Save your configuration changes to NVRAM.

Administering Bridging

After you set up the switch for bridging, you can administer its operation by performing one of these tasks:

Command
Purpose
SLB-Switch# clear bridge bridge-group

Remove any learned entries from the forwarding database and clear the transmit and receive counts for any statically configured forwarding entries.

SLB-Switch# clear vlan statistics

Remove VLAN statistics from any static or system configured entries.

SLB-Switch# show bridge [bridge-group]

Display classes of entries in the bridge forwarding database.

SLB-Switch# show bridge [bridge-group] 
circuit-group [circuit-group] 
[src-mac-address] [dest-mac-address]

Display the interfaces configured in each circuit group and show whether they are participating in load distribution.

SLB-Switch# show bridge group verbose

Display extended information about configured bridge groups.

SLB-Switch# show bridge vlan

Display 802.10 transparently bridged VLAN configuration.

SLB-Switch# show span

Display the spanning tree topology known to the load-balancing switch.

SLB-Switch# show vlans

Display a summary of VLAN subinterfaces.


Integrated Routing and Bridging

Your network might require you to bridge local traffic within several segments while having hosts on the bridged segments reach the hosts or routers on routed networks. For example, if you are migrating bridged topologies into routed topologies, you might want to start by connecting some of the bridged segments to the routed networks.

Using the integrated routing and bridging (IRB) feature, you can route a given protocol between routed interfaces and bridge groups within a single Catalyst 4840G SLB switch. Specifically, local or unroutable traffic is bridged among the bridged interfaces in the same bridge group, while routable traffic is routed to other routed interfaces or bridge groups.
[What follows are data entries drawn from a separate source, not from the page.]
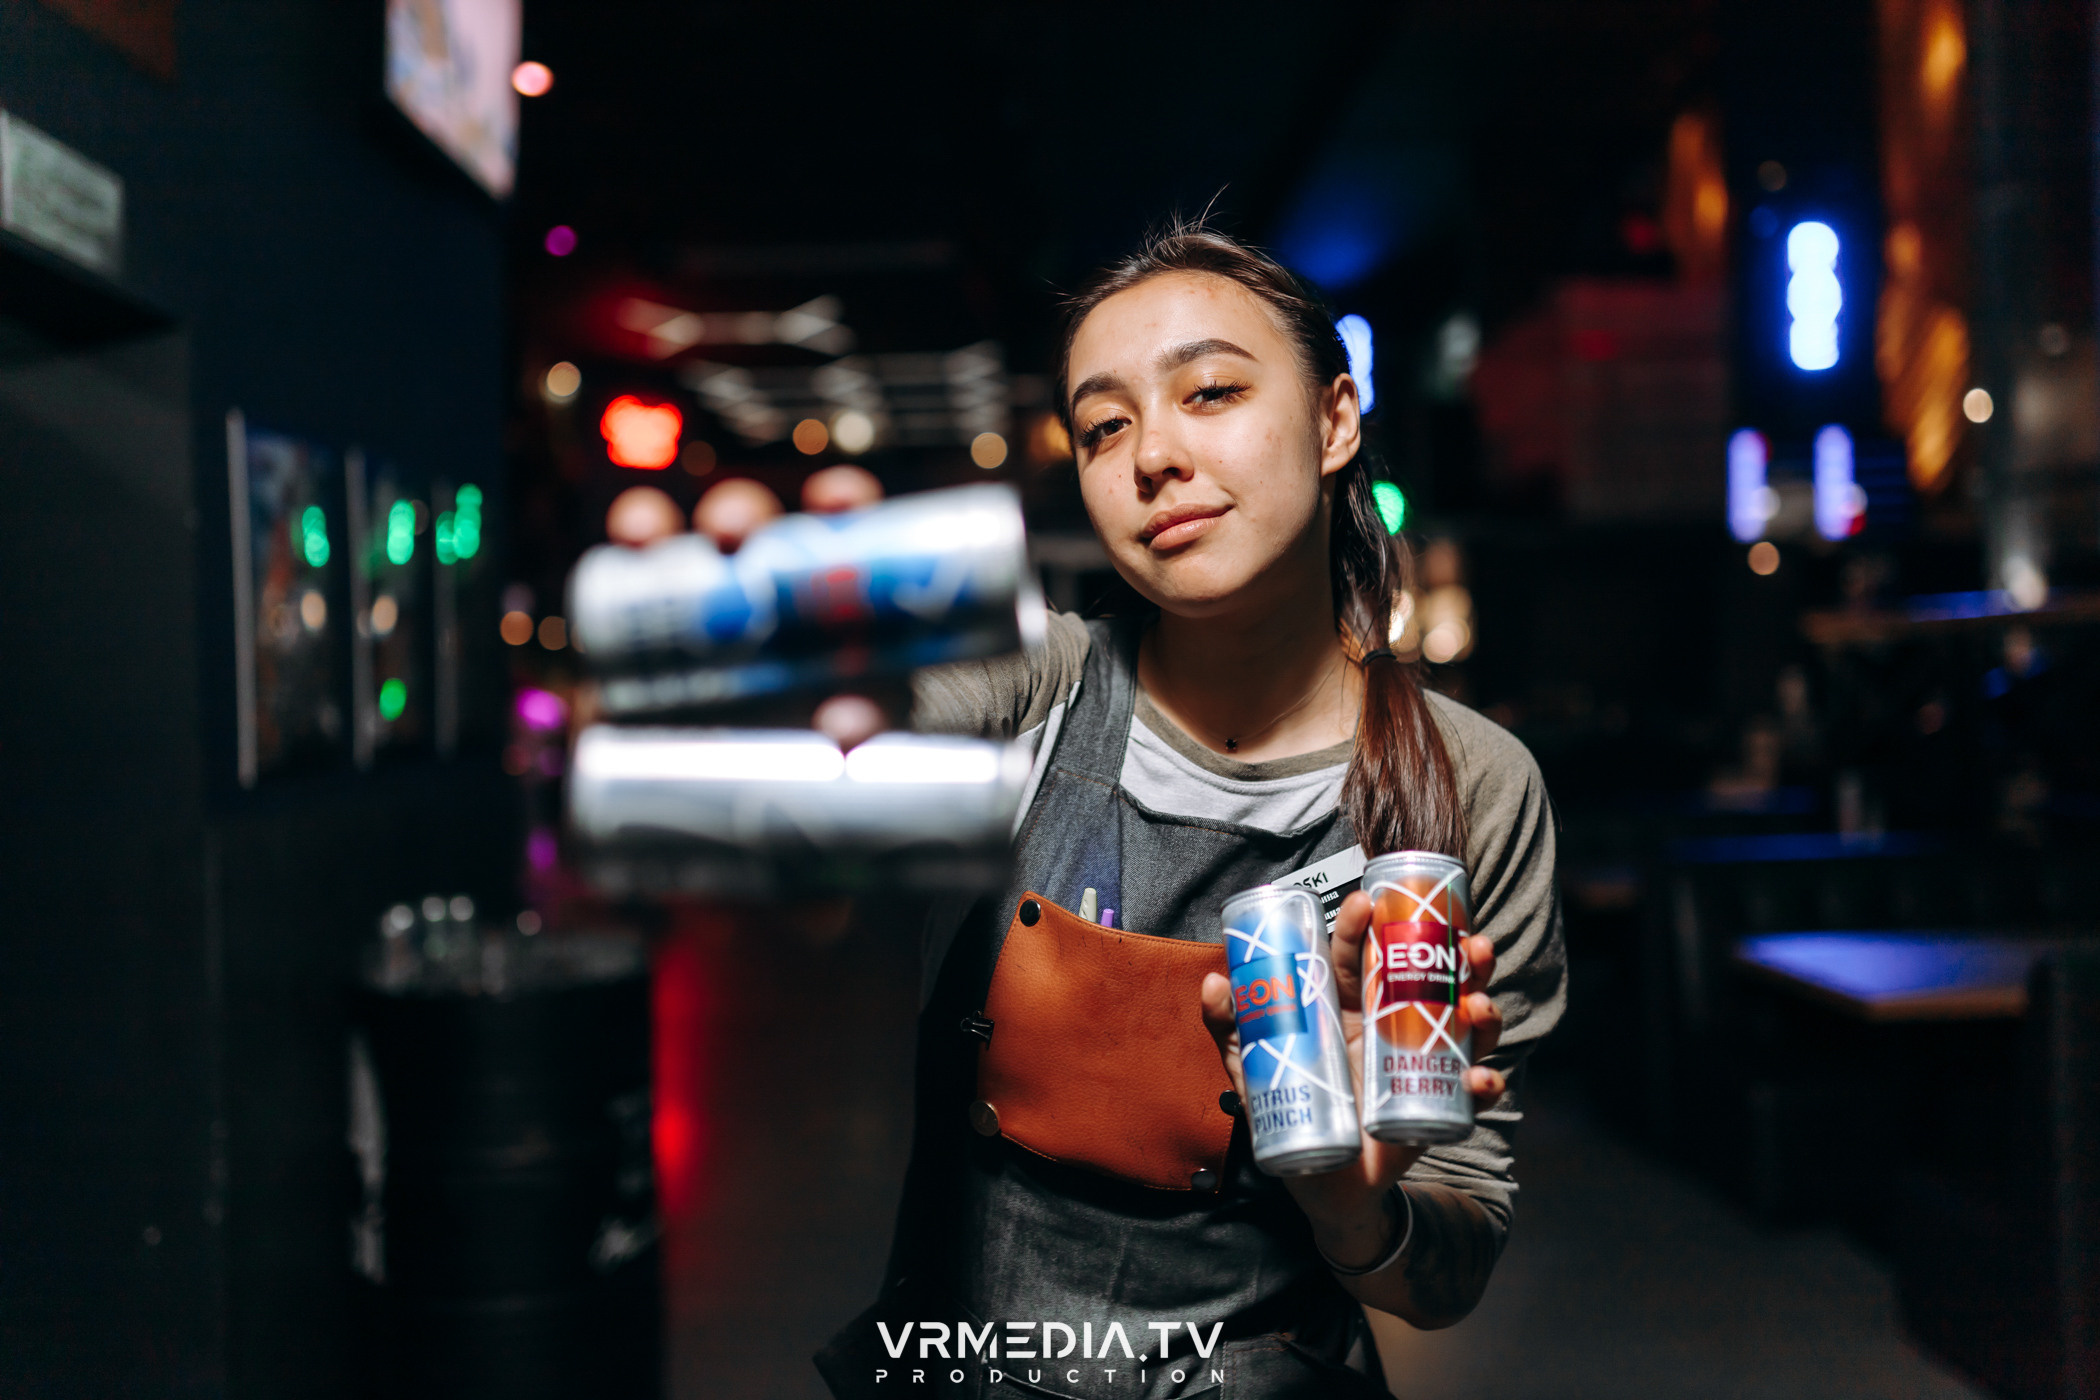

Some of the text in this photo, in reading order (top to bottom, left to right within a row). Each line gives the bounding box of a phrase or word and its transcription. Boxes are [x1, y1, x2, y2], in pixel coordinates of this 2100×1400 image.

[1387, 941, 1456, 972] EON
[1387, 971, 1427, 983] ENERGY
[1235, 973, 1296, 1013] EON
[1383, 1054, 1461, 1076] DANGER
[1251, 1085, 1312, 1114] CITRUS
[1391, 1077, 1456, 1097] BERRY
[1255, 1107, 1313, 1136] PUNCH
Because bridging is in Layer 2 and routing is in Layer 3, they have different protocol configurations. With IP, for example, bridge group interfaces belong to the same network and have a collective IP network address. In contrast, each routed interface represents a distinct network and has its own IP network address. Integrated routing and bridging uses Bridge-Group Virtual Interface (BVI) to enable these interfaces to exchange packets for a given protocol.

A BVI is a virtual interface within the campus Catalyst 4840G SLB switch that acts like a normal routed interface. A BVI does not support bridging, but actually represents the corresponding bridge group to routed interfaces within the switch. The interface number is the link between the BVI and the bridge group.
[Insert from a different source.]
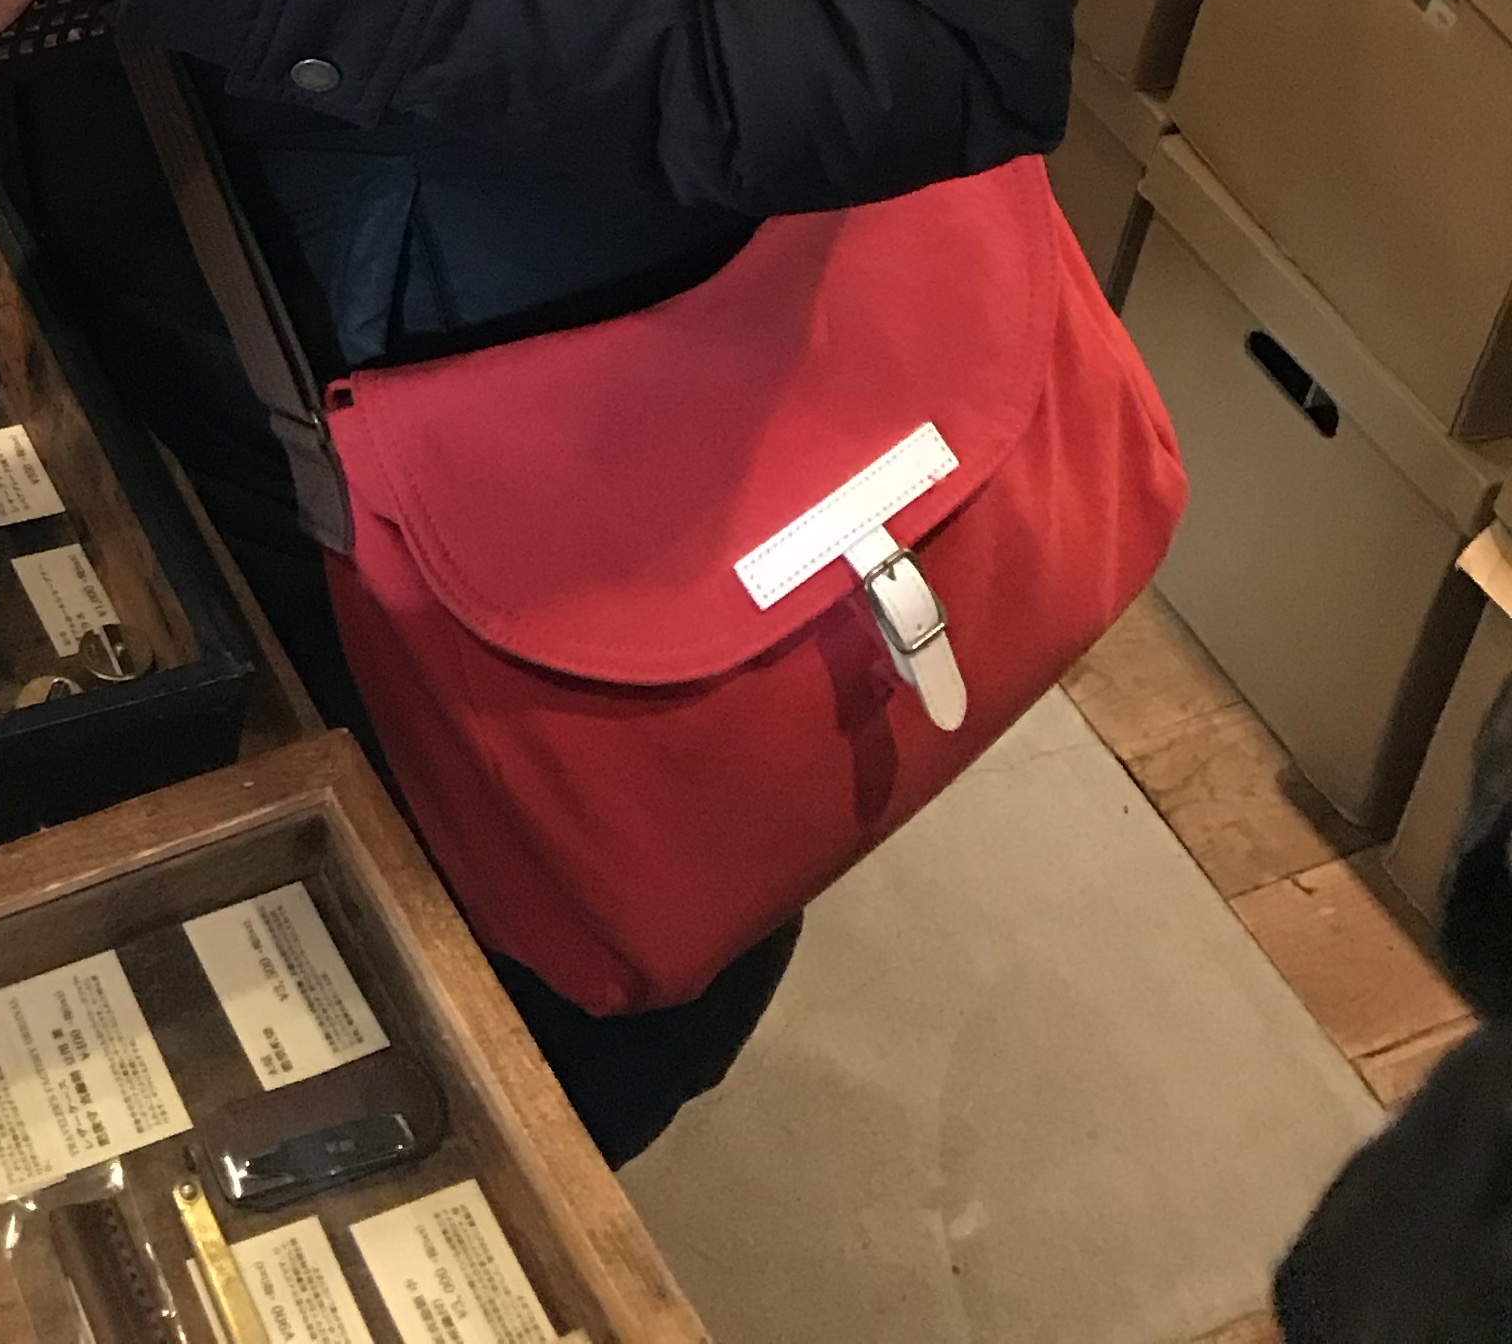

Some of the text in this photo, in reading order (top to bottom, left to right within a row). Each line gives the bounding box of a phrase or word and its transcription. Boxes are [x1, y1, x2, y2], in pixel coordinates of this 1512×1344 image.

[6, 996, 82, 1157] TRAVELER'S FACTORY ORIGINAL
[55, 1078, 95, 1150] レザーケース
[268, 1303, 296, 1342] ¥900
[433, 1265, 470, 1319] ¥3,000
Layer 3 switching software supports the routing of IP between routed interfaces and bridged interfaces in the same router, in both fast-switching and process-switching paths.

Using IRB with BVI

Before you use IRB with BVI, consider the following:

When IRB is enabled, the default route/bridge behavior in a bridge group is to bridge all packets. Make sure you explicitly configure routing on BVI for the protocols that you want routed.

Packets of nonroutable protocols such as local-area transport (LAT) are always bridged. You cannot disable bridging for nonroutable traffic.
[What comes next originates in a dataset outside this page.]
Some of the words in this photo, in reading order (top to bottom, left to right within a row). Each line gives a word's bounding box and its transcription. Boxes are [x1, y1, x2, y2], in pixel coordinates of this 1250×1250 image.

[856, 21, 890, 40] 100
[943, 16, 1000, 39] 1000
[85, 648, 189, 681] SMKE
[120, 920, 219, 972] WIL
Do not configure protocol attributes on the bridged interfaces when using IRB to bridge and route a given protocol. Bridging attributes cannot be configured on BVI.

A bridge links several network segments into one large, flat network. To bridge a packet coming from a routed interface among the bridged interfaces, the whole bridge group should be represented by one interface.

BVI has default data-link and network-layer encapsulations. These encapsulations are the same as on the Ethernet, except that you can configure BVI with some encapsulations that are not supported on a normal Ethernet interface.

Configuring IRB

To configure integrated routing and bridging, follow these steps:


Step 1 Configure bridge groups and routed interfaces.

a. Enable bridging.

b. Assign bridge groups to interfaces.

c. Configure routing for desired protocols.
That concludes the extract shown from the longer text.